__What is expected__
Could you restate the data below word for word, without its pictures?

__Stored data__
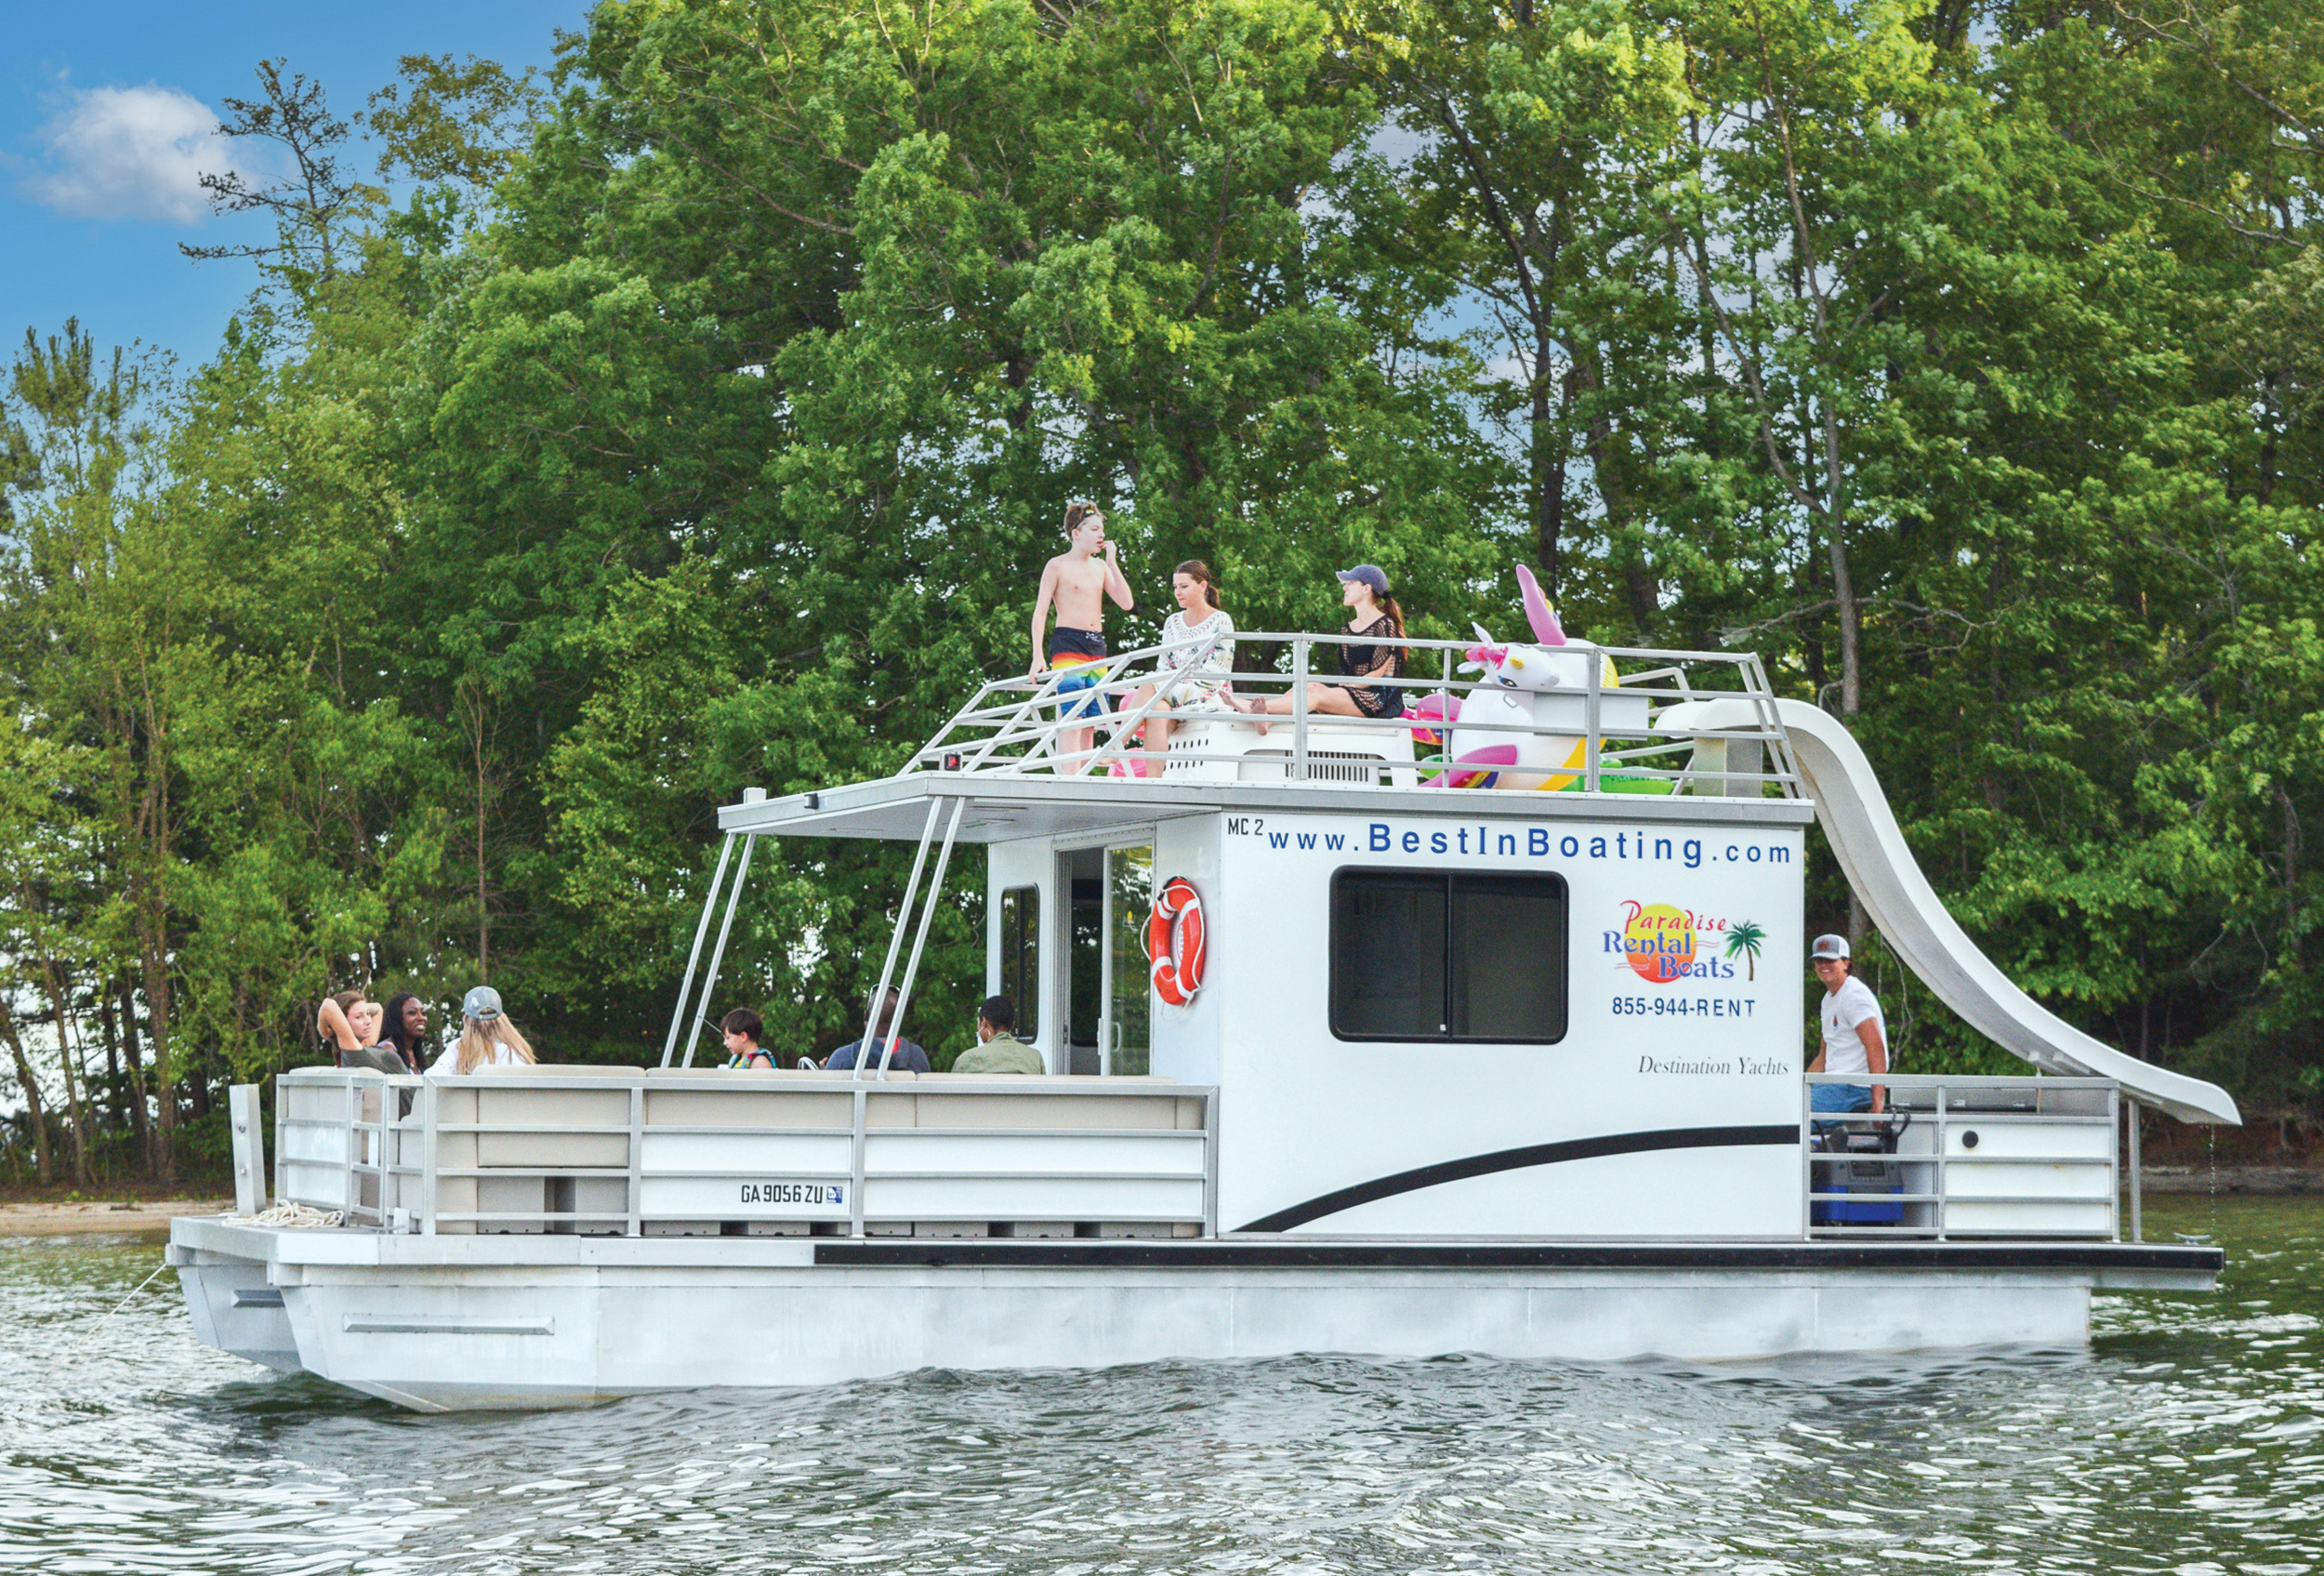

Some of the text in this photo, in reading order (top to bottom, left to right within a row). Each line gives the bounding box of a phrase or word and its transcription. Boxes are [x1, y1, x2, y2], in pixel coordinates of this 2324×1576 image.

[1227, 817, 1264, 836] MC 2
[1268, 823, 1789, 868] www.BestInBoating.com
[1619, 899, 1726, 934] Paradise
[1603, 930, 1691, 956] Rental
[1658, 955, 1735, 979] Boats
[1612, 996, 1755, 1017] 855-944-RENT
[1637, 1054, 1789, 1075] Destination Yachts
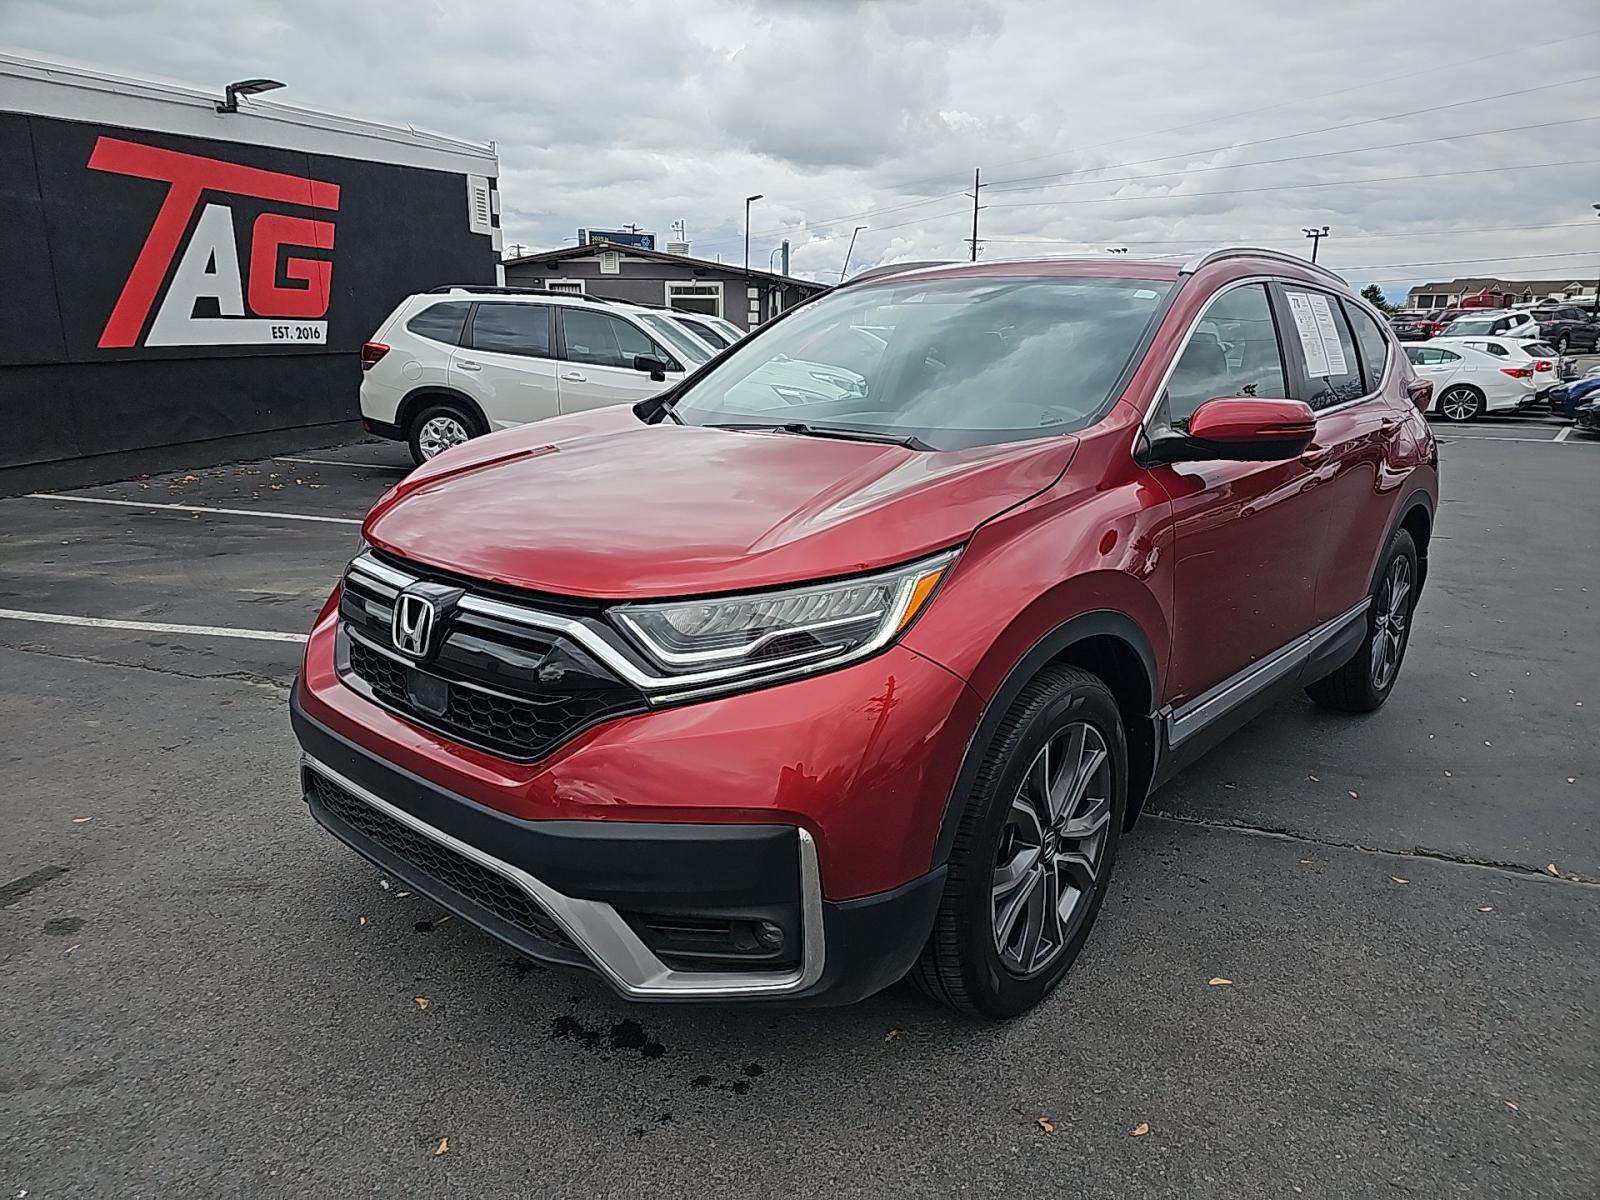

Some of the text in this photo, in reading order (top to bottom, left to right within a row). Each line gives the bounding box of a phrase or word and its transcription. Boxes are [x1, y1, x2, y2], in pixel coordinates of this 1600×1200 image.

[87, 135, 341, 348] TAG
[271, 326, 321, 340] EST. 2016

__Response area__
Some of the text in this photo, in reading order (top to bottom, left to right within a row). Each line gives the bounding box of a phrase or word and its transcription. Boxes are [x1, y1, x2, y2], in pixel coordinates of this 2324×1576 image.

[1227, 817, 1264, 836] MC 2
[1268, 823, 1789, 868] www.BestInBoating.com
[1619, 899, 1726, 934] Paradise
[1603, 930, 1691, 956] Rental
[1658, 955, 1735, 979] Boats
[1612, 996, 1755, 1017] 855-944-RENT
[1637, 1054, 1789, 1075] Destination Yachts

Some of the text in this photo, in reading order (top to bottom, left to right within a row). Each line gives the bounding box of a phrase or word and its transcription. Boxes are [x1, y1, x2, y2], in pixel coordinates of this 1600×1200 image.

[87, 135, 341, 348] TAG
[271, 326, 321, 340] EST. 2016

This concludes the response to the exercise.